Task: Only the text carries over: repeat the records exactly and drop the images.
*** Records provided Section Begins ***
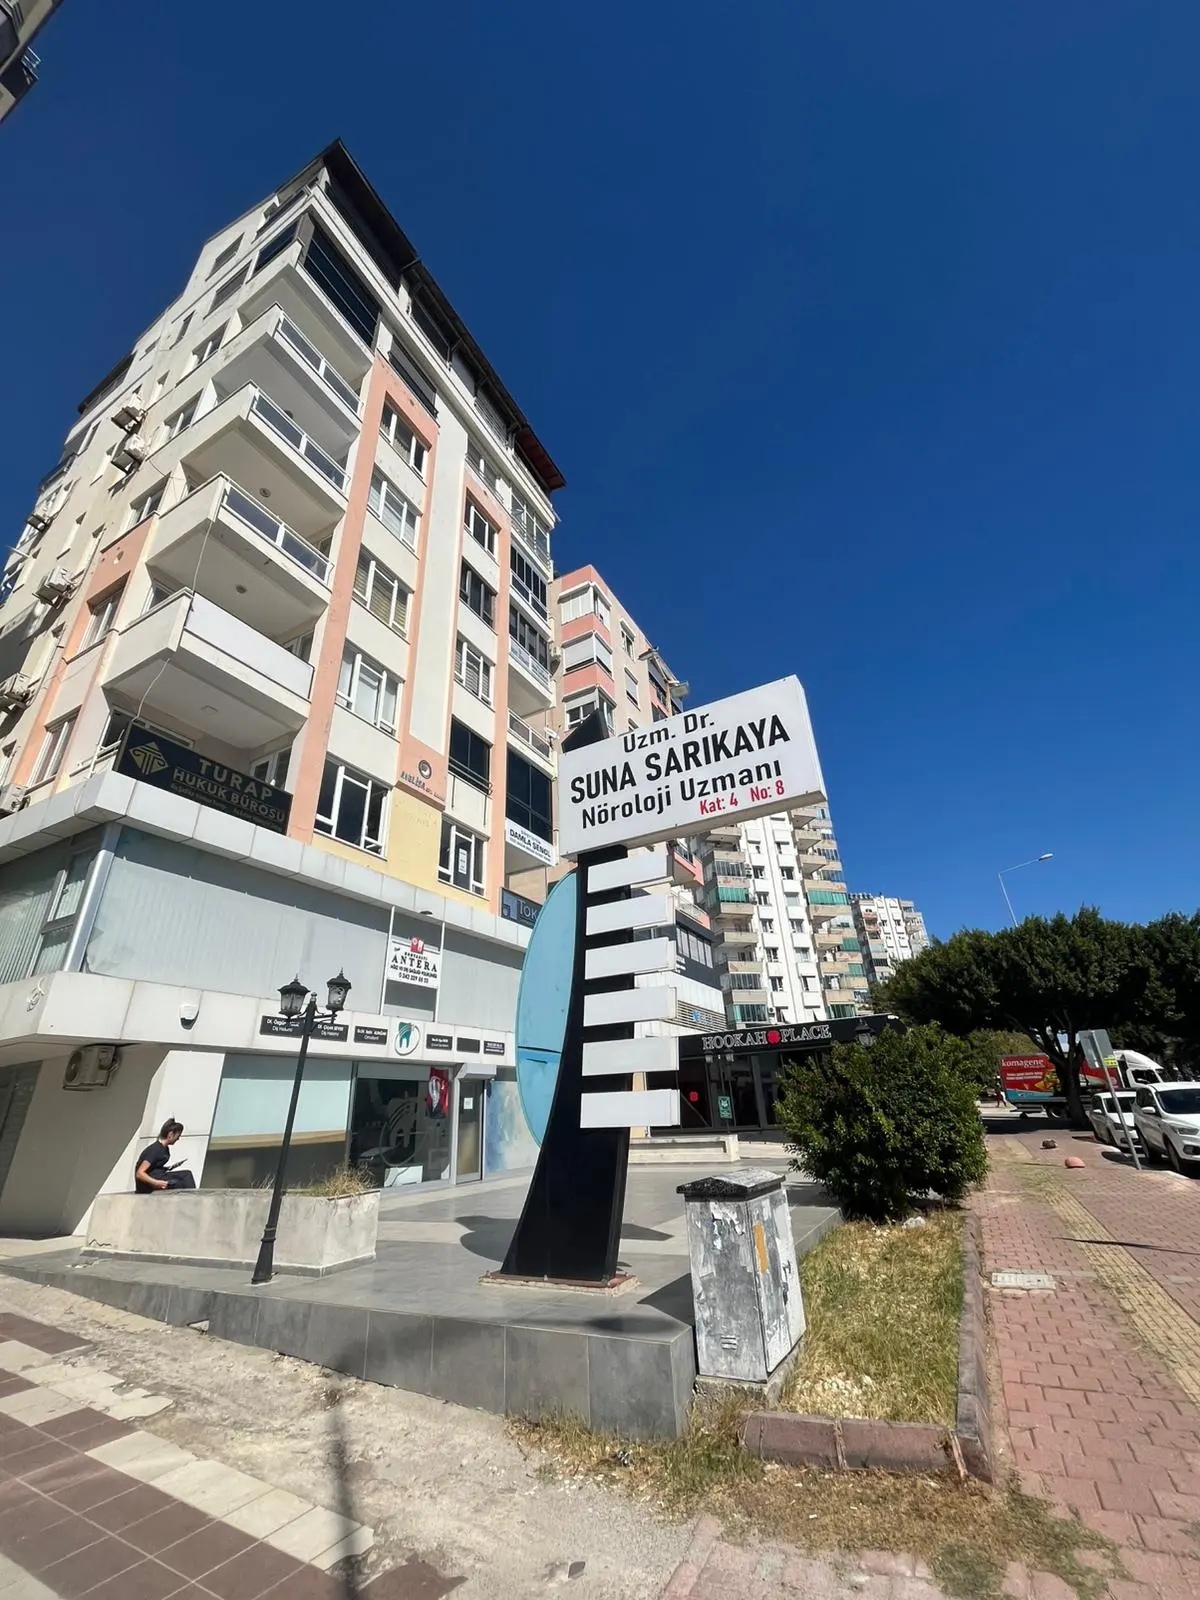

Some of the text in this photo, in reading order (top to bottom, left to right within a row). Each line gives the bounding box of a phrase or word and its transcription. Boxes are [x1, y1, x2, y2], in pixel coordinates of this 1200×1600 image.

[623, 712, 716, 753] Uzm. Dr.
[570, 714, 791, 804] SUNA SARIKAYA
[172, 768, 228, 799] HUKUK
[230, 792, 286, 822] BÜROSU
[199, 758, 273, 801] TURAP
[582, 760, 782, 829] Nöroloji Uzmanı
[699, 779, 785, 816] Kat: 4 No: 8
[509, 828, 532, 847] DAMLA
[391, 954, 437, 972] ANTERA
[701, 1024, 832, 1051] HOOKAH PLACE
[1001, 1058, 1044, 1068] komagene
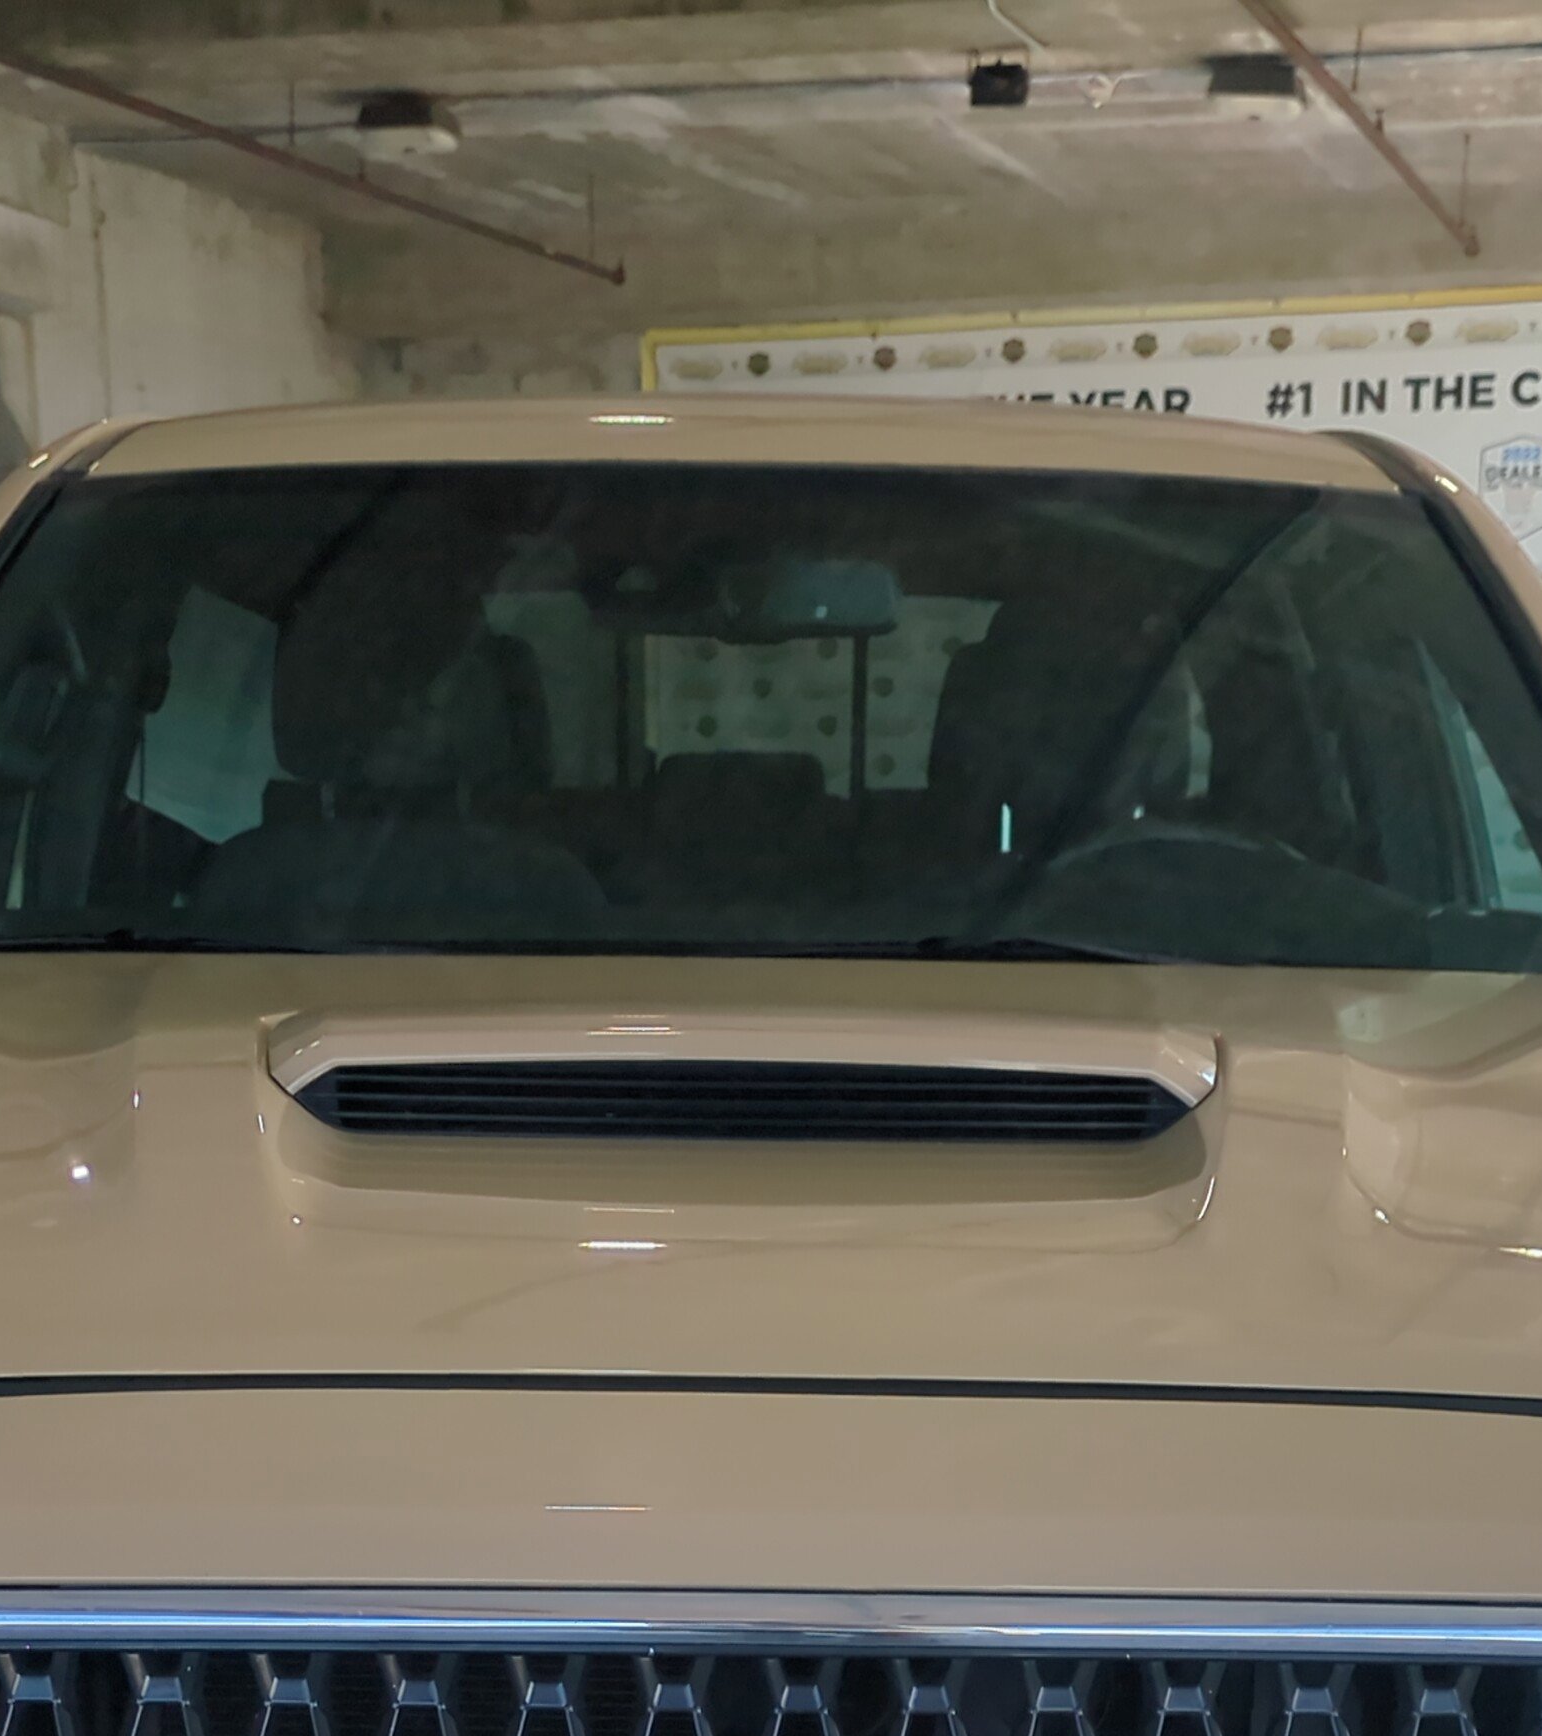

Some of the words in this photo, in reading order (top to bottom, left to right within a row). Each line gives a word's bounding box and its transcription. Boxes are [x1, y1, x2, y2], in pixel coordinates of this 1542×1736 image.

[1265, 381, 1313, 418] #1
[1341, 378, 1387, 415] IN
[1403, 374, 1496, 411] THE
*** Records provided Section Ends ***
Solution to the exercise:
Some of the text in this photo, in reading order (top to bottom, left to right within a row). Each line gives the bounding box of a phrase or word and its transcription. Boxes are [x1, y1, x2, y2], in pixel coordinates of this 1200×1600 image.

[623, 712, 716, 753] Uzm. Dr.
[570, 714, 791, 804] SUNA SARIKAYA
[172, 768, 228, 799] HUKUK
[230, 792, 286, 822] BÜROSU
[199, 758, 273, 801] TURAP
[582, 760, 782, 829] Nöroloji Uzmanı
[699, 779, 785, 816] Kat: 4 No: 8
[509, 828, 532, 847] DAMLA
[391, 954, 437, 972] ANTERA
[701, 1024, 832, 1051] HOOKAH PLACE
[1001, 1058, 1044, 1068] komagene

Some of the words in this photo, in reading order (top to bottom, left to right within a row). Each line gives a word's bounding box and its transcription. Boxes are [x1, y1, x2, y2], in pixel coordinates of this 1542×1736 image.

[1265, 381, 1313, 418] #1
[1341, 378, 1387, 415] IN
[1403, 374, 1496, 411] THE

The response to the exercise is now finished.